Alexander J. Varshavsky (Russian: Александр Яковлевич Варшавский; born 1946 in Moscow) is a Russian-American biochemist and geneticist. He works at the California Institute of Technology (Caltech) as the Morgan Professor of Biology. Varshavsky left Russia in 1977, emigrating to United States.

His laboratory, initially at the Massachusetts Institute of Technology, and later at Caltech, has discovered, during the 1980s, the first degradation signals (degrons) in short-lived proteins and biological fundamentals of the ubiquitin system. His current research continues to focus on the ubiquitin system and N-degron pathways.

== Education and appointments ==
Varshavsky received a B.S. degree from the Moscow University (Russia) (1970) and Ph.D. from the Institute of Molecular Biology, Moscow, Russia (1973). From 1973-1977, he worked as a Junior Scientist at the Moscow's Institute of Molecular Biology, before becoming a faculty member at MIT, Cambridge, MA, USA (1977-1991). From 1992 to 2016, he worked as the Howard Smits Professor of Cell Biology at the Division of Biology and Biological Engineering, California Institute of Technology (Caltech), in Pasadena, CA. Since 2017, he is the Thomas Hunt Morgan Professor of Biology at Caltech.

== Honorary memberships ==
Varshavsky is a Fellow of the American Academy of Arts and Sciences (1987), a Member of the U.S. National Academy of Sciences (1995), a Fellow of the American Academy of Microbiology (2000), a Member of the American Philosophical Society (2001), a Fellow of the American Association for the Advancement of Science (2002), a Foreign Associate of the European Molecular Biology Organization (2001), and a Foreign Member of the European Academy of Sciences (Academia Europaea) (2005).

== Awards ==
Varshavsky received the Merit Award from the National Institutes of Health (1998), the Novartis-Drew Award in Biomedical Sciences (1998), the Gairdner International Award (Canada, 1999), the Sloan Prize in Cancer Research (2000), the Albert Lasker Award in Basic Medical Research (2000), the Shubitz Prize in Cancer Research (2000), the Hoppe-Seyler Award (Germany, 2000), the Pasarow Award in Cancer Research (2001), Wolf Prize in Medicine (Israel, 2001), the Max Planck Award (Germany, 2001), the Massry Prize (2001), the Merck Award (2001), the Horwitz Prize (2002), the Wilson Medal (2004), the Stein and Moore Award (2005), the March of Dimes Prize in Developmental Biology (2006), the Griffuel Prize in Cancer Research (France, 2006), the Gagna and Van Heck Prize (Belgium, 2006), the Weinstein Award in Cancer Research (2007), the Schleiden Medal (Germany, 2007), the Gotham Prize in Cancer Research (2008), the Vilcek Prize in Biomedical Sciences (2010), the BBVA Award in Biomedicine (Spain, 2001), the Otto Warburg Prize (Germany, 2012), the King Faisal Prize in Science (Saudi Arabia, 2012), the Breakthrough Prize in Life Sciences (2014), the Albany Prize in Medicine (2014), the Grande Médaille of the French Academy of Sciences (France, 2016), the Wieland Prize (Germany, 2017), the IUBMB Medal from the International Union of Biochemistry and Molecular Biology (2019), the Debrecen Award in Molecular Medicine (Hungary, 2022), the Hope Award in Basic Science (2023), and the Hogg Award in Cancer Research (2023). Dr. Paul Janssen Award for Biomedical Research (2024)
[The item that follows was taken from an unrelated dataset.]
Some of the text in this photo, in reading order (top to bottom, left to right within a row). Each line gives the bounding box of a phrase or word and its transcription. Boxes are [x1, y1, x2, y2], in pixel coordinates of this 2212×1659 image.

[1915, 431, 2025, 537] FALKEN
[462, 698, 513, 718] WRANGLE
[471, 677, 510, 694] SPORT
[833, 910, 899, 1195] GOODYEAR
== Contributions in the ubiquitin field ==
In 1986, the Varshavsky laboratory discovered and analyzed the first degradation signals (degrons) in short-lived proteins. "Degron", by now a standard term, was introduced by Varshavsky in 1991. During 1984-1990, the Varshavsky lab discovered biological fundamentals of the ubiquitin system. The field of ubiquitin and regulated protein degradation was created in the 1980s through complementary discoveries, during 1978-1990, that revealed three sets of previously unknown facts. The first set of these facts (item 1 below) was discovered by the A. Hershko laboratory at the Technion (Haifa, Israel) (reviewed in ref.).The other two sets (items 2 and 3 below) were discovered by the Varshavsky laboratory, then at the Massachusetts Institute of Technology (Cambridge, Massachusetts).
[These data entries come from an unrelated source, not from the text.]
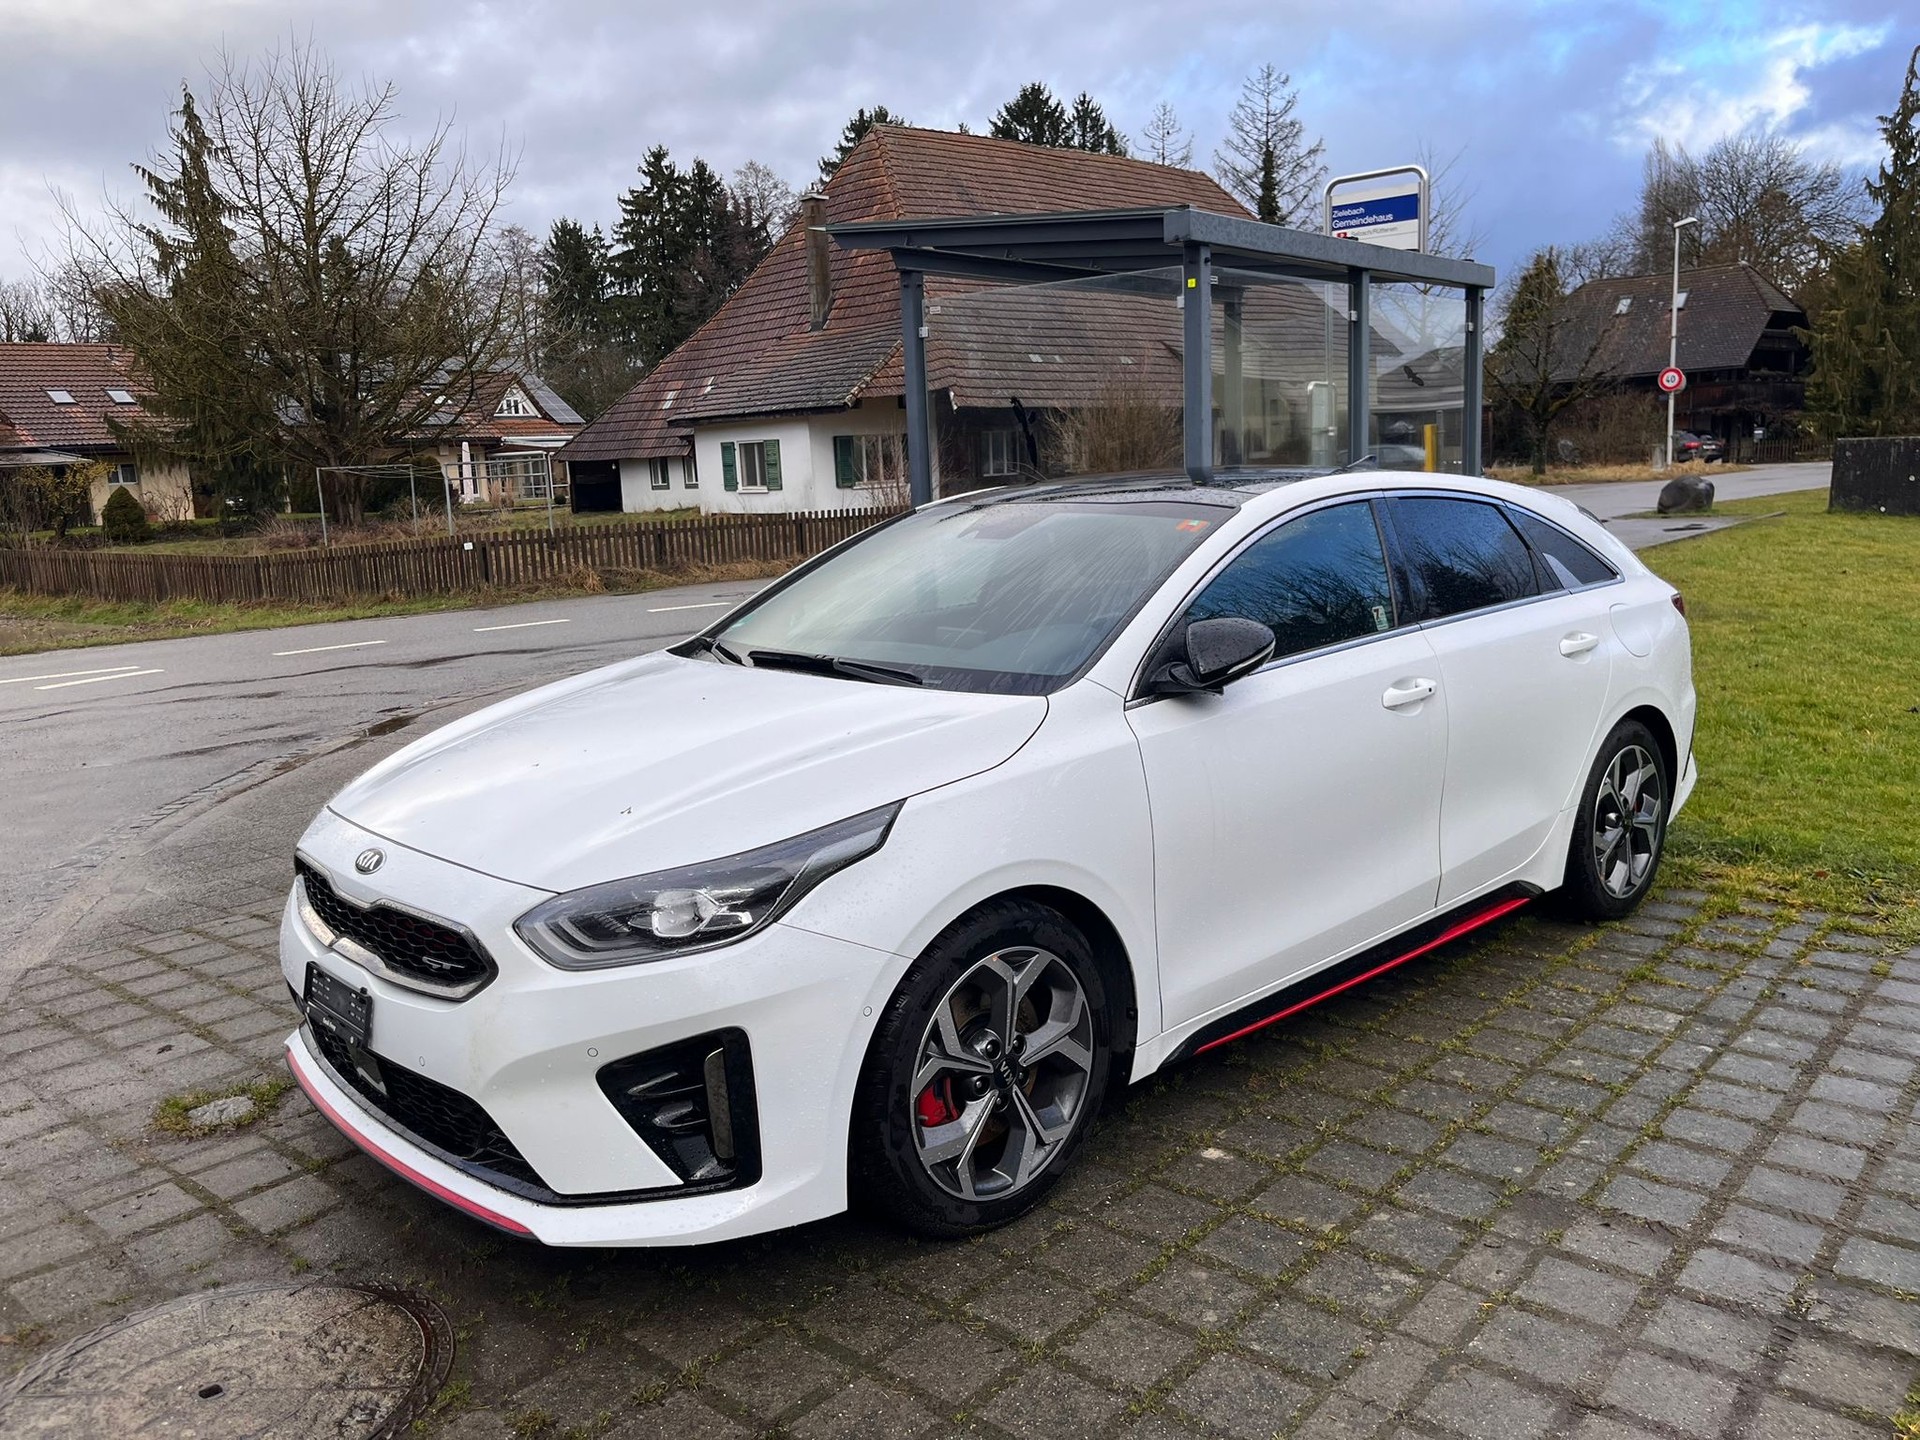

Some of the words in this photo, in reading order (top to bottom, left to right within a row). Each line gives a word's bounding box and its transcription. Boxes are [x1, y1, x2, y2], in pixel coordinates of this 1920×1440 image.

[1332, 206, 1365, 218] Zielebach
[1332, 213, 1394, 229] Gemeindehaus
[1666, 374, 1677, 384] 40
[356, 851, 380, 870] KIA
[422, 956, 465, 970] GT
[999, 1060, 1014, 1085] KIA
(1) A. Ciechanover and A. Hershko demonstrated that ubiquitin, a 76-residue protein, is covalently conjugated to other proteins in cell extracts, a novel protein modification involved in the ATP-dependent protein degradation in extracts from mammalian reticulocytes (reviewed in ref.).Ubiquitylation of a test protein in a reticulocyte extract caused it to become short-lived in the extract. Hershko, Ciechanover, Rose and their colleagues also discovered that ubiquitin-protein conjugation is mediated by a cascade of enzymes, termed E1, E2 and E3. These studies were carried out using cell-free (in vitro) extracts and isolated E1-E3 enzymes. At that time, in the early 1980s, physiological significance of the ubiquitin system and its specific biological functions remained unknown.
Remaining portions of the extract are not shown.